Giammaria Ortes
Abbé Giovanni Maria Ortes (March 1713 – 1790) was a Venetian composer, economist, mathematician, Camaldolese monk, and philosopher. He is better known for his population predictions that preceded those of Malthus.
Ortes belonged to the Camaldolese monastic order. He was probably the first person, according to Adam Ferguson, to use the term "economics" for the science in which he exercised a remarkable activity, particularly in his works Economia Nazionale (1774) and Riflessioni sulla popolazione (1790), which along with other of his works were reprinted in Pietro Custodi's anthologies "Scrittori classici italiani di economia politica" (1802–16). He was opposed to mercantilism.

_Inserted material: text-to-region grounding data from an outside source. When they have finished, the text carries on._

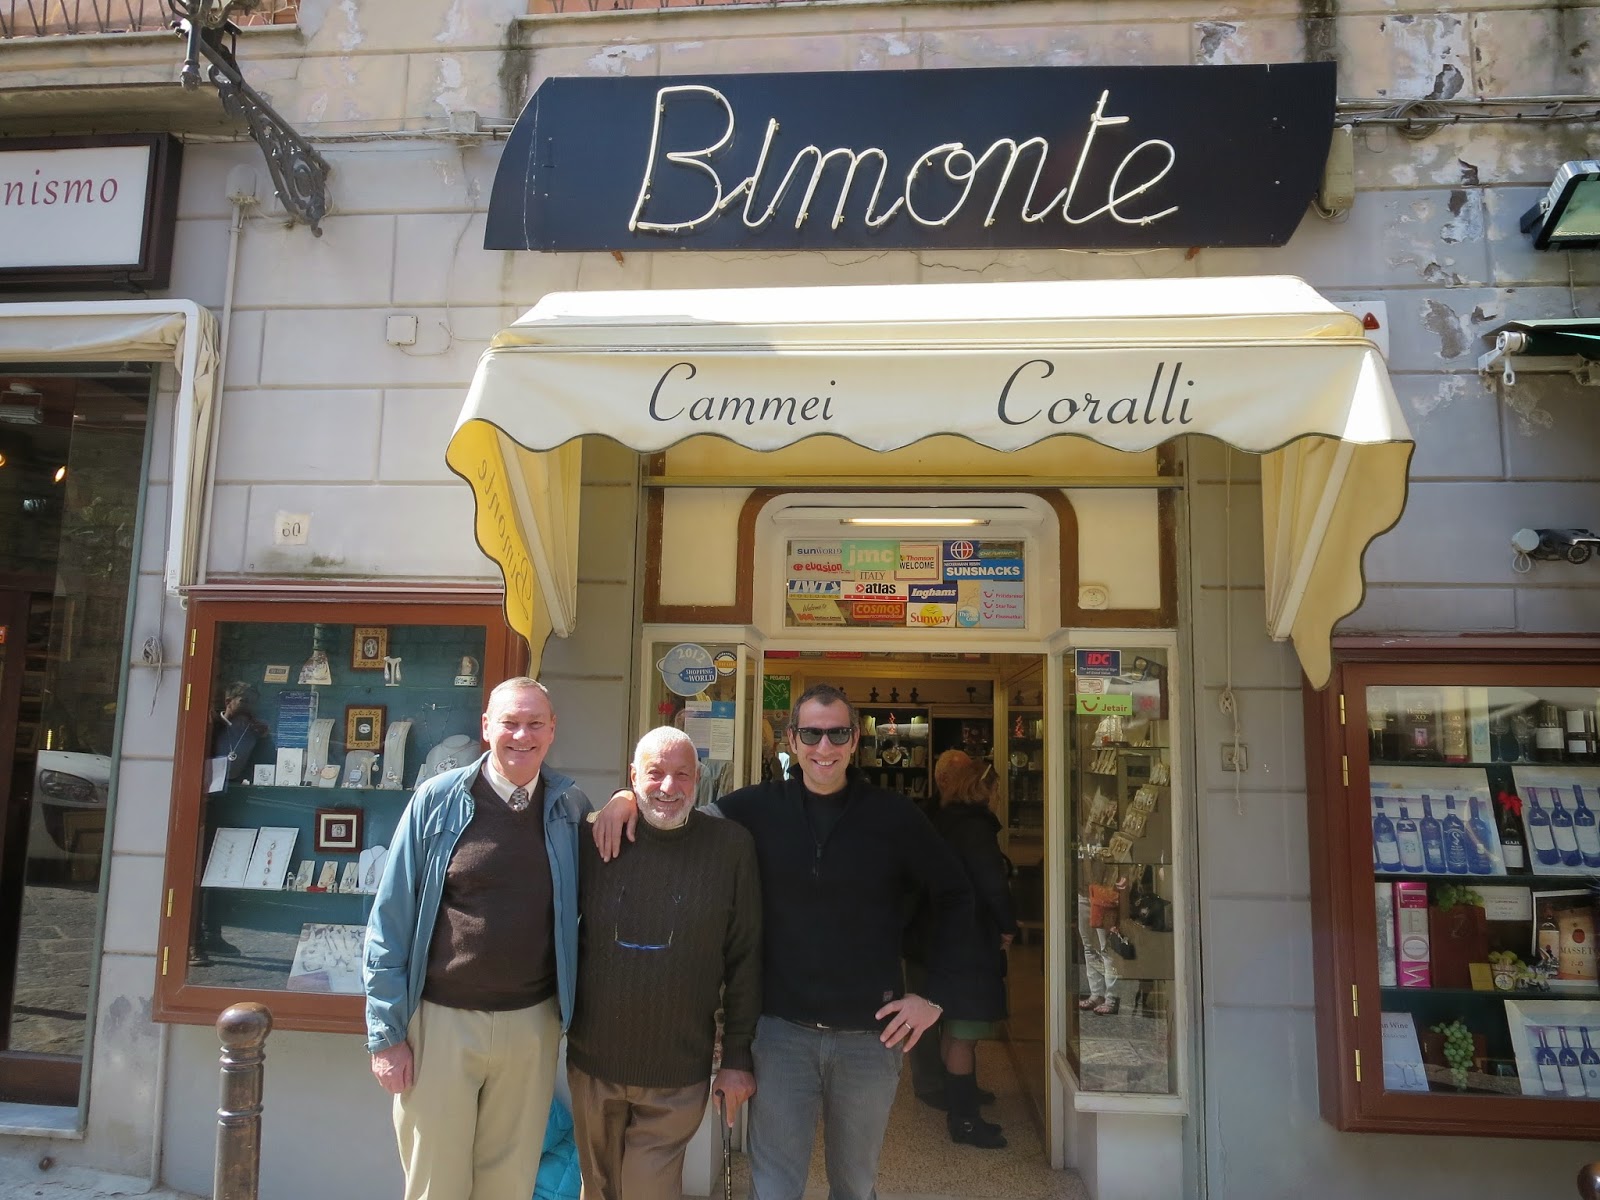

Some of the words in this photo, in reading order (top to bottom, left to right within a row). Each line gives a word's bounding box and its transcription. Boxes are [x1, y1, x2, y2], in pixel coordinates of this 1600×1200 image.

[4, 169, 118, 206] nismo
[648, 362, 836, 426] Cammei
[997, 359, 1195, 425] Coralli
[847, 545, 894, 566] jmc
[805, 562, 842, 572] evasion
[900, 561, 934, 569] WELCOME
[860, 571, 886, 580] ITALY
[946, 566, 1020, 577] SUNSNACKS
[866, 582, 896, 594] atlas
[911, 588, 956, 599] Inghams
[856, 604, 901, 614] cosmos
[910, 612, 953, 625] Sunway
[689, 674, 715, 682] WORLD
[1102, 704, 1127, 712] Jetair
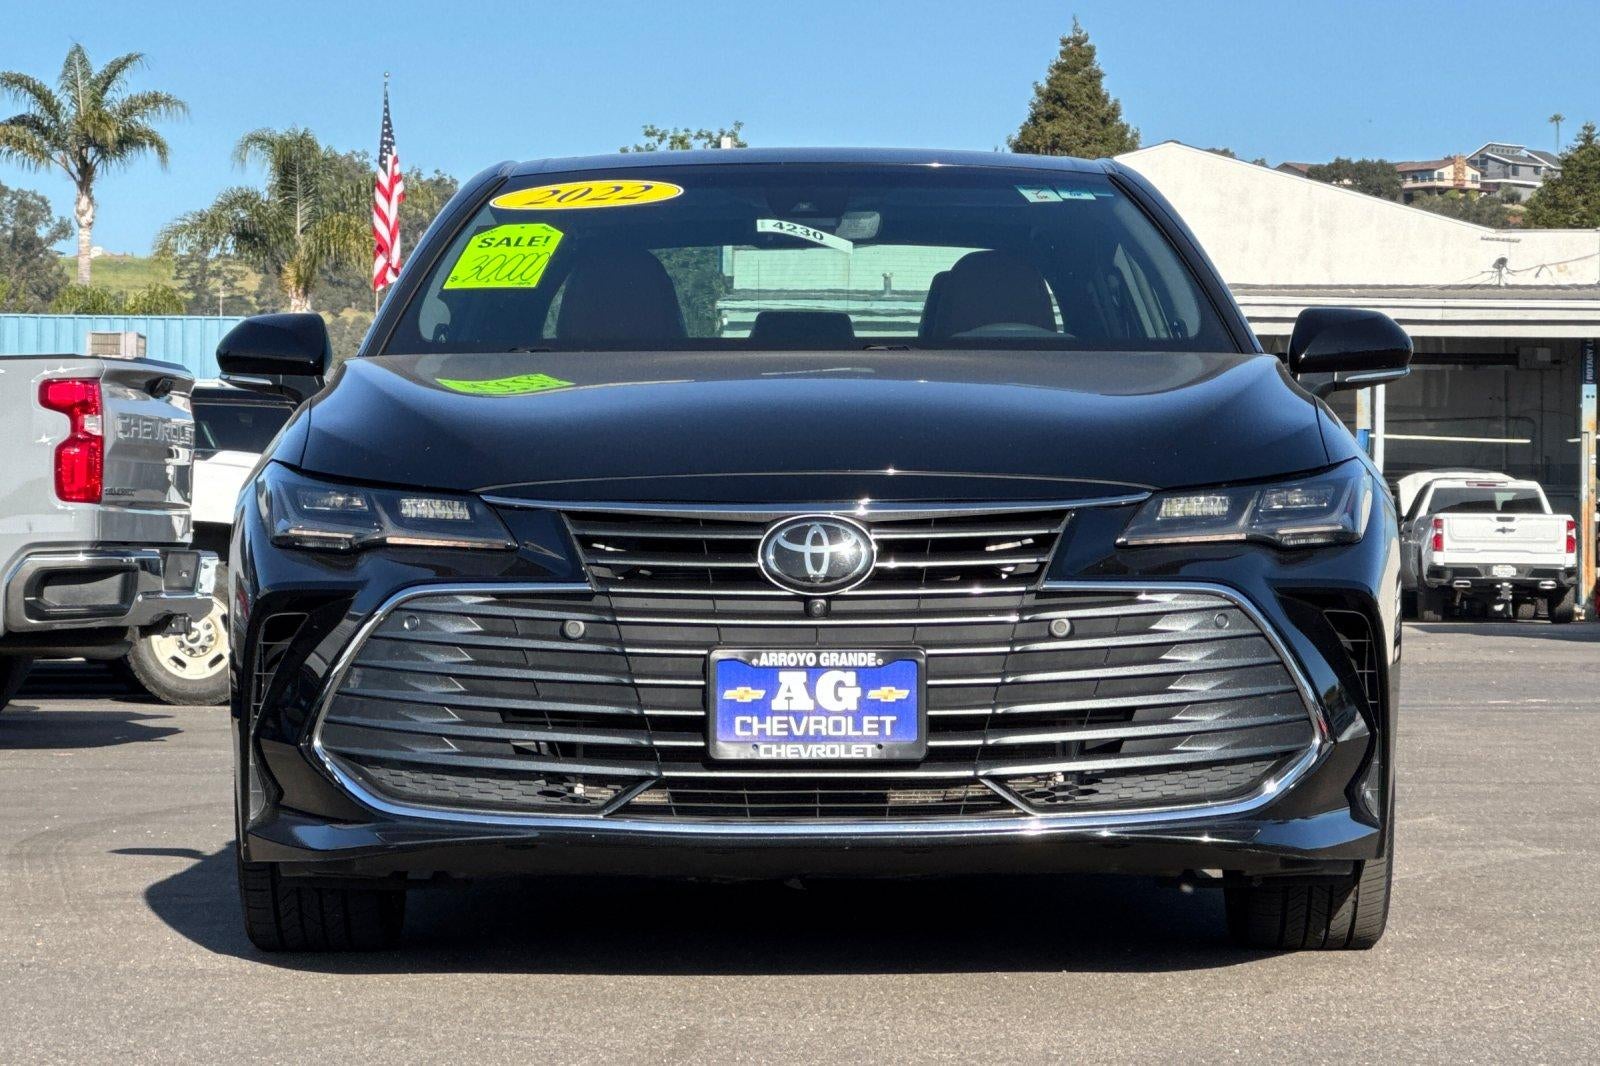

He anticipated certain doctrines of Adam Smith and Thomas Robert Malthus, especially the latter, as he felt that the population propagation, if it were allowed free rein, would take place in a geometric progression with a doubling every 30 years. No one knows exactly how he died.
Works
- Della economia nazionale (1774)
- Sulla religione e sul governo dei popoli (1780)
- Dei fedecommessi a famiglie e chiese (1784)
References
- Alfred Sauvy, Deux techniciens, précurseurs de Malthus, Boesnier de l'Orme et Auxiron, Population, 1959, no 4.